When we finished winter in the southern hemisphere, we moved to northern hem's winter--its wettest winter in years. We walked the hills I used to run up, and I bragged lamented about how fast I used to be. We walked those hills up until the day before I went into labor. I'd even secretly hoped I would have a daytime labor, so we could keep walking those hills--you know to progress said labor. But that wasn't gonna happen, and you can read all about it here if you're interested.

Today S and R dropped me off, so I could run around a busy lake about a seven minutes drive from our apartment. It's a small lake with coots, mallards, baby mallards, and egrets salting a tree-filled island in the middle of the lake. And way too many Canada geese (and their green logs of poop), because people feed them popcorn and wonder bread. (I don't get it at all. Here?)

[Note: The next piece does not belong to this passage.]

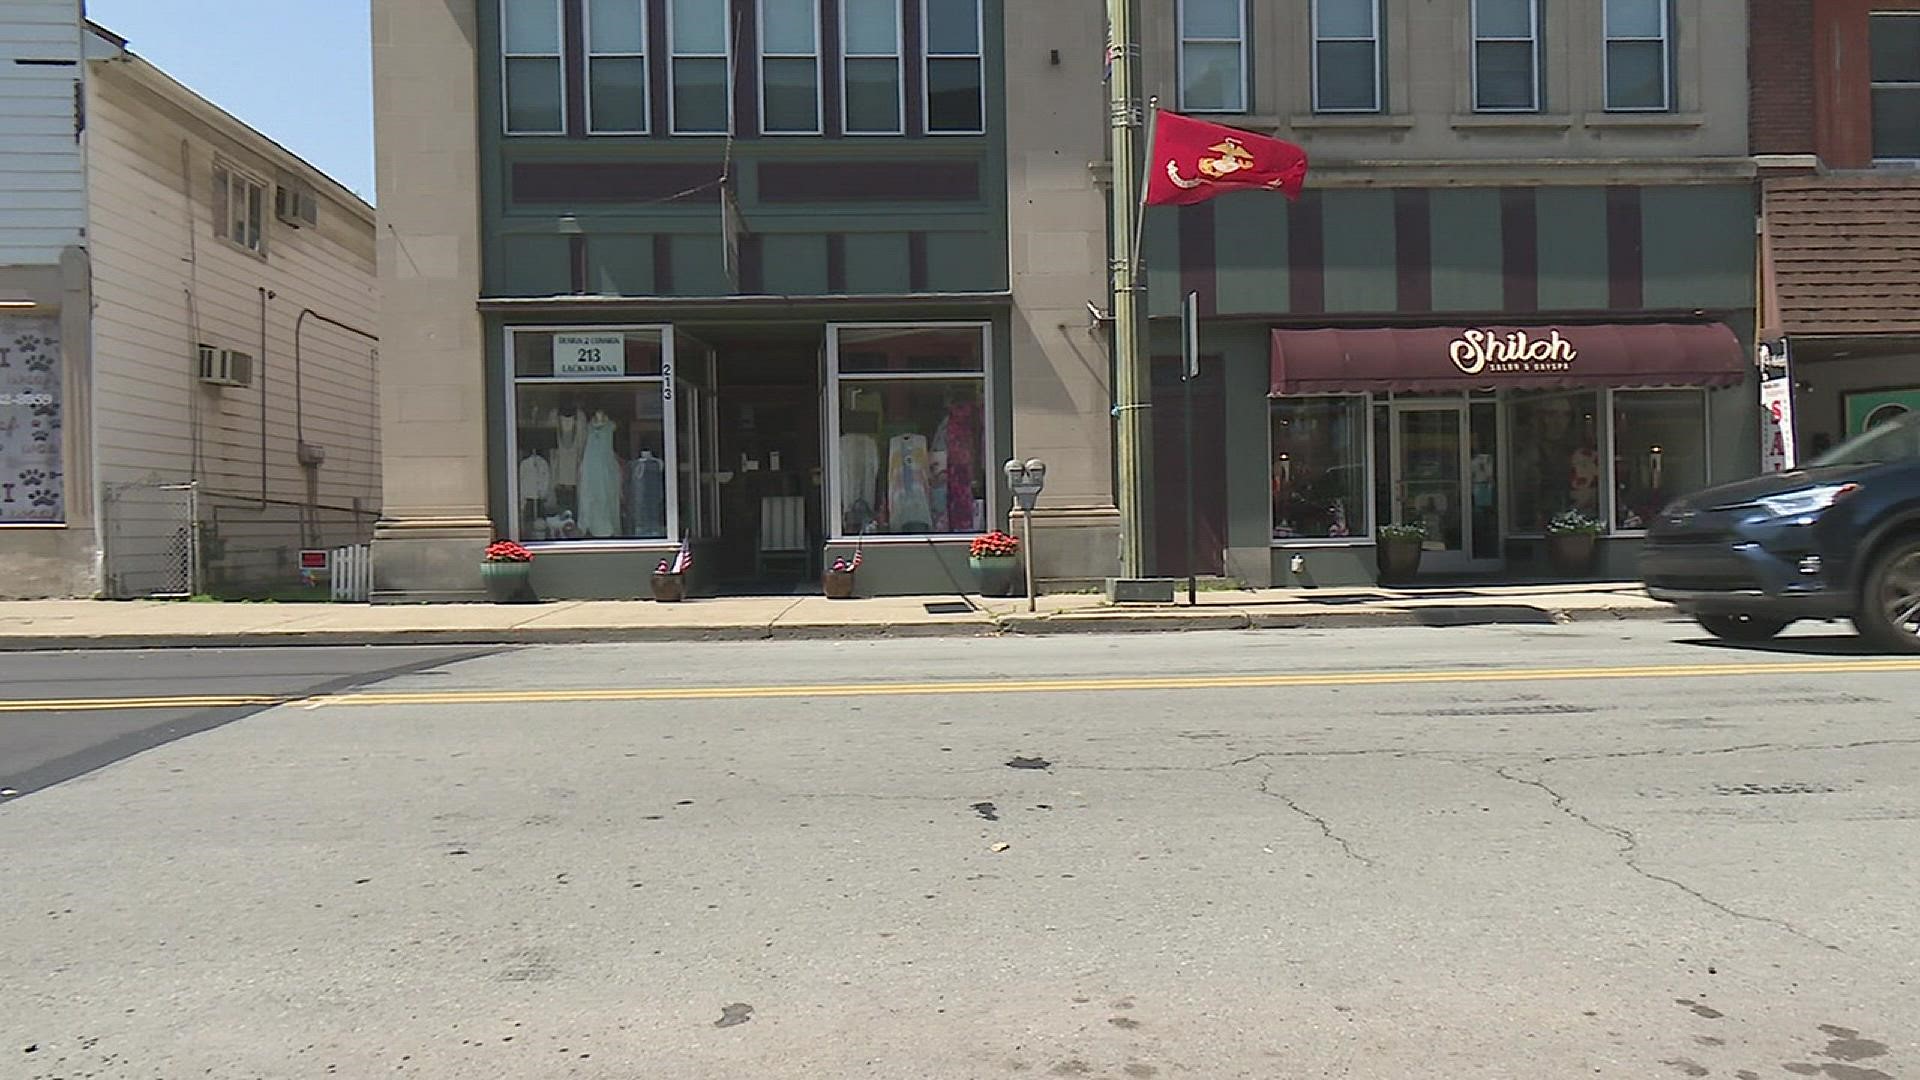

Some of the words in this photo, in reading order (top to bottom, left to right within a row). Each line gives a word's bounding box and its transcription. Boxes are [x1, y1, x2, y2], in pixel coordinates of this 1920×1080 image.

I ran for 19 minutes, with 2 one-minute-long walk breaks. That's how long it took me to circle the lake, and I wasn't feeling up to circling it again. It did feel great to be out in the morning and to be running again. It was also humbling. We should never compare ourselves to anything, not even ourselves on a different day. Though perhaps that's inevitable.

{i love this pillow and find it highly motivational}
I've been running since just after high school. I started out slow and eventually I was trail running several times a week for up to 90 minutes at a time. (I love trails more than anything, and would prefer to never run on pavement.) Before I had foot surgery several years ago, I was fast. I wasn't breaking any records. But, for me, I felt fast. And I guess I loved my speed. I liked overtaking fast, unsuspecting runners--especially up hill. (Um, competitive much?)

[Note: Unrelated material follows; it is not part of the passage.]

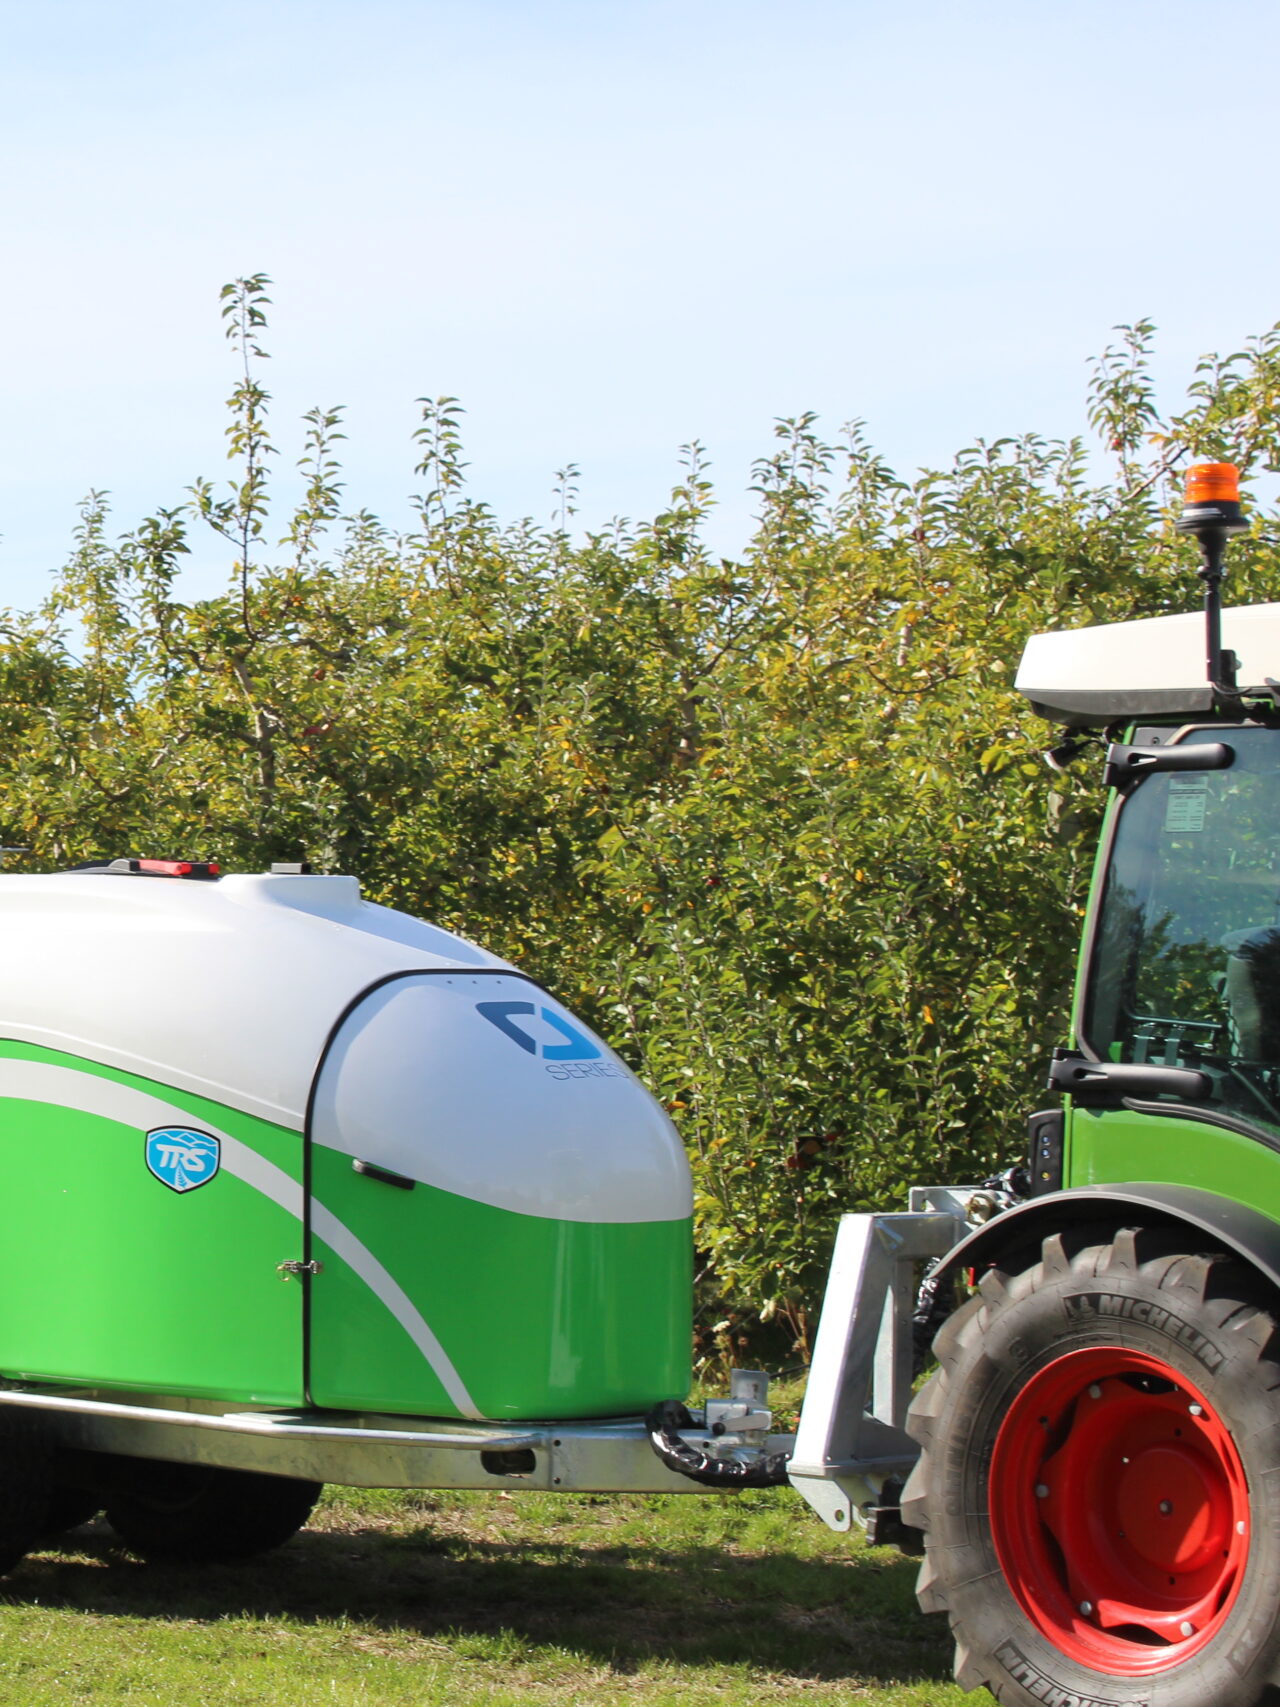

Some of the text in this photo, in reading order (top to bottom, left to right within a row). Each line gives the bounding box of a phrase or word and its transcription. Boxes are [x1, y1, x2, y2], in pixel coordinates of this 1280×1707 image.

[545, 1062, 629, 1081] SERIES
[155, 1143, 205, 1172] TRS
[1098, 1294, 1224, 1369] MICHELIN
[995, 1647, 1118, 1707] CHELIN

After my foot surgery, a friend asked if I would train for a marathon with her. Sure, why not? She introduced me to walk breaks, which I was a big snot about... because real runners don't walk! (Ugh, see what I mean? This is when competition can be unpretty.) I ran the marathon a bit below my capability, but I was doing it for fun. Then I had some incidents, which put a dent in my running for about a year, and I slowed down quite a bit.

Then I started traveling and didn't really start running again until I settled in one place for a while. (I was running in a more metaphorical sense.) A couple years ago I trained for another marathon with a friend in Patagonia. We'd planned on running the Maraton Fin del Mundo in Ushuaia, Argentina, reached 20 miles in our training (taking walk breaks, which I now highly recommend for long distances more than 19 minutes), and found out it was canceled. I think I broke my foot around about this time. But the end of the marathon took the steam out of my running again. I still ran and biked, but much more sporadically.

{i hope to work my way up to this}
Today I ran humbly for 19 minutes. And better-dressed runners passed me during my walk breaks. The sun made my shadow long. On the far side of the lake, I could see S wearing R in the carrier bouncing on the pier. I breathed in new air and remembered what I was missing. Maybe tomorrow I'll run for 20 minutes, maybe 30.

Do you have a favorite solo activity that takes your breath away?